Tak berapa lama, Hamidin diterima lagi pada salah satu tempat pengetikan, tempatnya tak jauh dari kampus tempat ia kuliah. Ia dipercayakan kembali untuk mengurusi ketik-mengetik. Dari penghasilannya, akhirnya ia bisa menutupi iuran semester dan kembali melanjutkan studi. Hamidin sangat bersyukur bisa mengikuti ujian semester dan melanjutkan kuliah sampai akhirnya mendapatkan beasiswa kurang mampu. Ia sangat berterima kasih kepada kampus karena sudah membantu biaya semester selama ini.
***
APRIL 2014, malam itu Hamidin baru saja mengikuti proses yudisium. Itu berarti, ia sudah menyelesaikan semua mata kuliah dari proses perkuliahan selama ini dan dinyatakan memenuhi syarat yang selanjutnya dikukuhkan sebagai seorang sarjana. Ia tak menyangka kalau sudah berada pada titik dimana ia sejak lama menantikan momen seperti ini. Hamidin sudah membuktikan kepada mahasiswa-masiswa lain, jika tak ada kata putus asa, doa dan usahanya selama ini dijawab dengan gelar kesarjanaan. Jelang ia akan di wisuda, Hamidin berencana akan mengundang sang kakak untuk mendampinginya di wisuda nanti. Saat itu ia sudah menghubungi kakaknya yang berada di Kota Kendari, dan sang kakak pun akan datang. Ini kali pertamanya sang kakak datang mengunjungi Hamidin selama ia berada di Kota ini. Begitupun sebaliknya, Hamidin pun lama tak kembali di tanah kelahirannya.

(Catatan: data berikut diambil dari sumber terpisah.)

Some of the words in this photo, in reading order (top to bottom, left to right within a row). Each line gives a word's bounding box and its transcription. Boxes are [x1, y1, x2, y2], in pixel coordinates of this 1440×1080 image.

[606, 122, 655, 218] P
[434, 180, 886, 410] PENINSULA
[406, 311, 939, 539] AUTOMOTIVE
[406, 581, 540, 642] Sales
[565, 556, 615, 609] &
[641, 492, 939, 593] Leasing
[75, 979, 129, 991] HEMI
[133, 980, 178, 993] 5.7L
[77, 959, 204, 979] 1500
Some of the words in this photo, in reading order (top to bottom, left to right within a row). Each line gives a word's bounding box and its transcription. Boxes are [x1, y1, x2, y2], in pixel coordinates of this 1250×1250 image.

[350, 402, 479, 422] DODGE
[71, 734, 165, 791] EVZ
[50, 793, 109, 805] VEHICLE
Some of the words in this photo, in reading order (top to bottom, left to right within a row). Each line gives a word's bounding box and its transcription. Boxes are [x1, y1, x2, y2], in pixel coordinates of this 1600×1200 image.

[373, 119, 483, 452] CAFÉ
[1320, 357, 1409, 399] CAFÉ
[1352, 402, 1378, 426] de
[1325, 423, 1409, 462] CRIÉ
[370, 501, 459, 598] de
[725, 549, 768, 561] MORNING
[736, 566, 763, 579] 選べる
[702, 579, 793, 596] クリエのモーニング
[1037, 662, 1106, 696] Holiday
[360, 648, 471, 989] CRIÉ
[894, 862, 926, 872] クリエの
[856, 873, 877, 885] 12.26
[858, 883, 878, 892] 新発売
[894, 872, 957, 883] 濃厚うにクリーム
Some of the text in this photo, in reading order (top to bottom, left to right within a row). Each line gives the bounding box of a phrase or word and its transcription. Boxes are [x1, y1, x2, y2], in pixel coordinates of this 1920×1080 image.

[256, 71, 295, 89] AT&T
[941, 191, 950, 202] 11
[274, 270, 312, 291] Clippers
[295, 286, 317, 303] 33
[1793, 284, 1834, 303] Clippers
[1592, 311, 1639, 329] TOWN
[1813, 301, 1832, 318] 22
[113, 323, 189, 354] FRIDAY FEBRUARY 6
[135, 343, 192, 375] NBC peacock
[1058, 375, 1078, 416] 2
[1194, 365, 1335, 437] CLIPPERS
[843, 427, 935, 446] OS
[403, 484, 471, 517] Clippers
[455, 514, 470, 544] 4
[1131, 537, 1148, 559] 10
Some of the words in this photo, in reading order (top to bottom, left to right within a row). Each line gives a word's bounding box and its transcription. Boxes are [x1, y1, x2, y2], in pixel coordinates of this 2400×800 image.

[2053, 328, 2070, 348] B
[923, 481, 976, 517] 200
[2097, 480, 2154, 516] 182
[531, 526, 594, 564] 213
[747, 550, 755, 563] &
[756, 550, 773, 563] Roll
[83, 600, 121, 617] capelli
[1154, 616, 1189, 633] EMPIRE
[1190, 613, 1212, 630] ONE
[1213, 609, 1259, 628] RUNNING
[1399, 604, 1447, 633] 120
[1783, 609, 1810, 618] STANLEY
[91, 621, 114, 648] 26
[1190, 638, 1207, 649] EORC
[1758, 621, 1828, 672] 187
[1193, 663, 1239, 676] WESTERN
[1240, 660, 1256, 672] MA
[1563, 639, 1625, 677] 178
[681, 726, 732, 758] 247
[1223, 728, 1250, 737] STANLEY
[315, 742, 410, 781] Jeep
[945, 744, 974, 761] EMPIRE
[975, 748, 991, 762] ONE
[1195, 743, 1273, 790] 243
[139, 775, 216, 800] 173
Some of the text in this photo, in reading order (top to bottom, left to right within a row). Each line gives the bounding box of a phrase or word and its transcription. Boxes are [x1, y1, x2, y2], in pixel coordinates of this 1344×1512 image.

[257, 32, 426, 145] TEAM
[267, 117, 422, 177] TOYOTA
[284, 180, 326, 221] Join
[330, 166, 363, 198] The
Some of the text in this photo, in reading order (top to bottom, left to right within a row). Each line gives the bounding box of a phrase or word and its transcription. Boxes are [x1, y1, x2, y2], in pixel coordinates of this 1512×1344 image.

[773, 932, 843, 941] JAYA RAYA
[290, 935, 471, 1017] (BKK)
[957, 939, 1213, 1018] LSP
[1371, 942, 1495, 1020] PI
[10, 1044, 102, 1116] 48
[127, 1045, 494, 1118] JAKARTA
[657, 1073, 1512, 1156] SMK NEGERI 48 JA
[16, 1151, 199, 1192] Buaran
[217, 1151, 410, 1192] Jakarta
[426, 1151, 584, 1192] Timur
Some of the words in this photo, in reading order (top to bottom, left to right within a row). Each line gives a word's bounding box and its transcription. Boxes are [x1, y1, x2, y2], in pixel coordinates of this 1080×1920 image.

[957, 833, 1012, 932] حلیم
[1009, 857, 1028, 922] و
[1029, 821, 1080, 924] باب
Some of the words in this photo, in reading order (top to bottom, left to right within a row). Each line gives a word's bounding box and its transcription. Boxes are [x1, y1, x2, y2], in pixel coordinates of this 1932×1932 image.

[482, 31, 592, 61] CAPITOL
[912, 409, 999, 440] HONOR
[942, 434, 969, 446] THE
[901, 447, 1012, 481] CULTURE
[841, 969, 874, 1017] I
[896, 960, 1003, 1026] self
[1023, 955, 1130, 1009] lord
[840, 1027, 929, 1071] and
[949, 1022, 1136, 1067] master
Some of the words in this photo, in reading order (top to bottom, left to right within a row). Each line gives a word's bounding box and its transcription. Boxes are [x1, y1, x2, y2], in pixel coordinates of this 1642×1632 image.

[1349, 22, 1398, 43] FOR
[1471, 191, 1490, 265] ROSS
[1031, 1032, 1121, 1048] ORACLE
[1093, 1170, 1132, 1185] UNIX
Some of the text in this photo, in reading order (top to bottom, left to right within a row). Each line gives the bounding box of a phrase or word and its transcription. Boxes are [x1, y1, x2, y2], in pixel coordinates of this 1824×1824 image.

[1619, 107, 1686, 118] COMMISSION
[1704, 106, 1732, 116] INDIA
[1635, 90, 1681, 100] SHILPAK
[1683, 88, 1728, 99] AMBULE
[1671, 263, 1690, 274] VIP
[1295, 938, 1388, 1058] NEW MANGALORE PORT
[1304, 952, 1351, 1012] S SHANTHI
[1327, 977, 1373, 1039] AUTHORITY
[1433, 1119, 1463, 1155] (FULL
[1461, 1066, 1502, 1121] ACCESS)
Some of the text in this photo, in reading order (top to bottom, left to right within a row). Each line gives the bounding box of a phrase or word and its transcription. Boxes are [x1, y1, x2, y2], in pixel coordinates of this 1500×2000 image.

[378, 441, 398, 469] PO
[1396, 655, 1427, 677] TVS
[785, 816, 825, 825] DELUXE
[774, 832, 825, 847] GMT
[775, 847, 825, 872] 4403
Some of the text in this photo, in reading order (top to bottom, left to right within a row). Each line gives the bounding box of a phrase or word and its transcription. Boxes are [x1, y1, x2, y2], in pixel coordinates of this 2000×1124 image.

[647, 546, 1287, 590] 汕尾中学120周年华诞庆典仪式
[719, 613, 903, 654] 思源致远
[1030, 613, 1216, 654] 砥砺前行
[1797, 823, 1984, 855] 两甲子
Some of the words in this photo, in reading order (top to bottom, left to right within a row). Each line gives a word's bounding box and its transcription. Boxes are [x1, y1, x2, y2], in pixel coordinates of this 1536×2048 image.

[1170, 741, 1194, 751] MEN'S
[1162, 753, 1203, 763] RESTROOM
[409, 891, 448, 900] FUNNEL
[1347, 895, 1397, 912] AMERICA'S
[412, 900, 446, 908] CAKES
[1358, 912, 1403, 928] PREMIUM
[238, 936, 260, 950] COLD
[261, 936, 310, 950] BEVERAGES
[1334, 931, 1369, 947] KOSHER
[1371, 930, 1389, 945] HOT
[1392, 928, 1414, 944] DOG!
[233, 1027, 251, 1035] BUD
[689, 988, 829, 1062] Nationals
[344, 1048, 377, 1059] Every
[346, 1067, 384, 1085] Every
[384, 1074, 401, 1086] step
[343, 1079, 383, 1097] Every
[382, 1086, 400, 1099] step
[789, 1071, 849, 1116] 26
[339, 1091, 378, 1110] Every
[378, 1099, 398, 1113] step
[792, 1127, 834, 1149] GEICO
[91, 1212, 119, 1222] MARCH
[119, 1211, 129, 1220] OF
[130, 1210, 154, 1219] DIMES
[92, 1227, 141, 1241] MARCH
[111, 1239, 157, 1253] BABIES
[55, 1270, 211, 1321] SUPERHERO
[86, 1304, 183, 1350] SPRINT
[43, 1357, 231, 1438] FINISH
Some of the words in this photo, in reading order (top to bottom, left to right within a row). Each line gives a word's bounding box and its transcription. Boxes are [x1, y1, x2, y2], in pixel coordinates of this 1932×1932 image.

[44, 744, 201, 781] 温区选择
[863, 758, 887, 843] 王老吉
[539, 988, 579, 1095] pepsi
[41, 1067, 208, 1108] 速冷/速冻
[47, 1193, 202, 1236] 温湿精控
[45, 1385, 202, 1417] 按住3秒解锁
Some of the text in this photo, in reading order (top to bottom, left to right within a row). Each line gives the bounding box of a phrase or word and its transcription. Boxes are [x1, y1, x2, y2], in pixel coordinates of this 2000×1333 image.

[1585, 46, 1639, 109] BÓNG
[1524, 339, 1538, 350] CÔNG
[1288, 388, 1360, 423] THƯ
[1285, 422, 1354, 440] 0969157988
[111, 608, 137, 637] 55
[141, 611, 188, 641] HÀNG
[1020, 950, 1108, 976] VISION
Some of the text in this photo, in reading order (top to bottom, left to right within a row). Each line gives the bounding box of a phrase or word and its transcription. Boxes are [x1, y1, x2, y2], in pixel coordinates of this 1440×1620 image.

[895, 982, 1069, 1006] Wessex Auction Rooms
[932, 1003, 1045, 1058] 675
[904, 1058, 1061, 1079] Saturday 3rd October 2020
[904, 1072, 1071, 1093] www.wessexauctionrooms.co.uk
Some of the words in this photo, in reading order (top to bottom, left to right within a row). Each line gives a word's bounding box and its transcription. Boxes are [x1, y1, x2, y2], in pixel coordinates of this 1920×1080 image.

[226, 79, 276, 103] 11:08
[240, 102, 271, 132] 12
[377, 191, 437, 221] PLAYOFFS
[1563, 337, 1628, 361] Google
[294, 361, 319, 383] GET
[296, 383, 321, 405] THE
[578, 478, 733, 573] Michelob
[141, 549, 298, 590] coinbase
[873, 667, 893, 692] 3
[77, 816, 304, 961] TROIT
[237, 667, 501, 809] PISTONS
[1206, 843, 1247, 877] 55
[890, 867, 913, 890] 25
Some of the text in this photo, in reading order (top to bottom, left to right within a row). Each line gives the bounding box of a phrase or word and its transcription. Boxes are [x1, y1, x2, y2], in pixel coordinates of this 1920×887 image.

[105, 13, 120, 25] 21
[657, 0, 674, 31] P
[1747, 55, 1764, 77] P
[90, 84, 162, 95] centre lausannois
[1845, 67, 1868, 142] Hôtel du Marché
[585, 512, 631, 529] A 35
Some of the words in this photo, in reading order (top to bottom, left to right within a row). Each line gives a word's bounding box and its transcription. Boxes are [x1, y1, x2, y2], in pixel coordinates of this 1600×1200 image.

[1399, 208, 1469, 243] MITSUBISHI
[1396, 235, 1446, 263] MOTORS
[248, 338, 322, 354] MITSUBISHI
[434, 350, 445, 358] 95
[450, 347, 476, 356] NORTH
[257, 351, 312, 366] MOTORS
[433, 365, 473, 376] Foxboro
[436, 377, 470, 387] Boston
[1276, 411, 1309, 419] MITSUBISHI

Saat yang dinantikan pun tiba, Hamidin mengenakan baju toga dan duduk berada dikerumunan alumnus lainnya. Ditengah suasana haru itu, Hamidin hanya ditemani oleh kakaknya. Kini, gilirannya untuk menaiki podium tempat berkumpulnya para bejabat dan petinggi kampus. Rektor berada pada barisan terdepan dan dikawal oleh para wakil-wakilnya, setiap saat ia harus memindahkan tali topi toga dan berjabat tangan kepada mereka yang baru saja dilantik. Hamidin adalah satu diantara ribuan alumni yang mengikuti proses wisuda hari itu, ada banyak orang yang sudah berada pada titik klimaks kebahagiaan dan mendapatkan gelar kesarjanaan, tapi tak banyak orang seperti Hamidin yang susah payah menaiki puncak yang penuh dengan rintangan dan cobaan untuk menyelesaikan kuliah di era serba mahal ini. Dengan satu keyakinan dan usaha yang kuat ia bisa menjawab mimpi-mimpinya yang nyaris patah.
![]() |
Sumber: foto Yadi La Ode |
Dua tahun berlalu begitu saja, Hamidin sudah tak lagi menjadi seorang mahasiswa dan mendengarkan ceramah-ceramah di ruang kuliah. Yang didapat, hanya ada sedikit pengalaman dan pengetahuan saat kuliah dulu. Bermodalkan ijazah strata satu, ia mencari kerja kemana-mana. Namun, belum ada yang mau menerimanya. Melihat peluang dikampus tempat ia kuliah dulu, Hamidin menawarkan diri untuk berkerja sebagai petugas kebersihan. Ia pun di terima dengan gaji tak seberapa. Namun, ia sangat mensyukurinya. Setiap malam Hamidin harus mebersihkan ruang-ruang kelas kuliah, menyapu dan mengepel lantai ruangan hingga benar-benar bersih. Baginya, berkerja sebagai karyawan lepas ditempat itu sudah lah cukup untuk memenuhi kebutuhan sehari-hari.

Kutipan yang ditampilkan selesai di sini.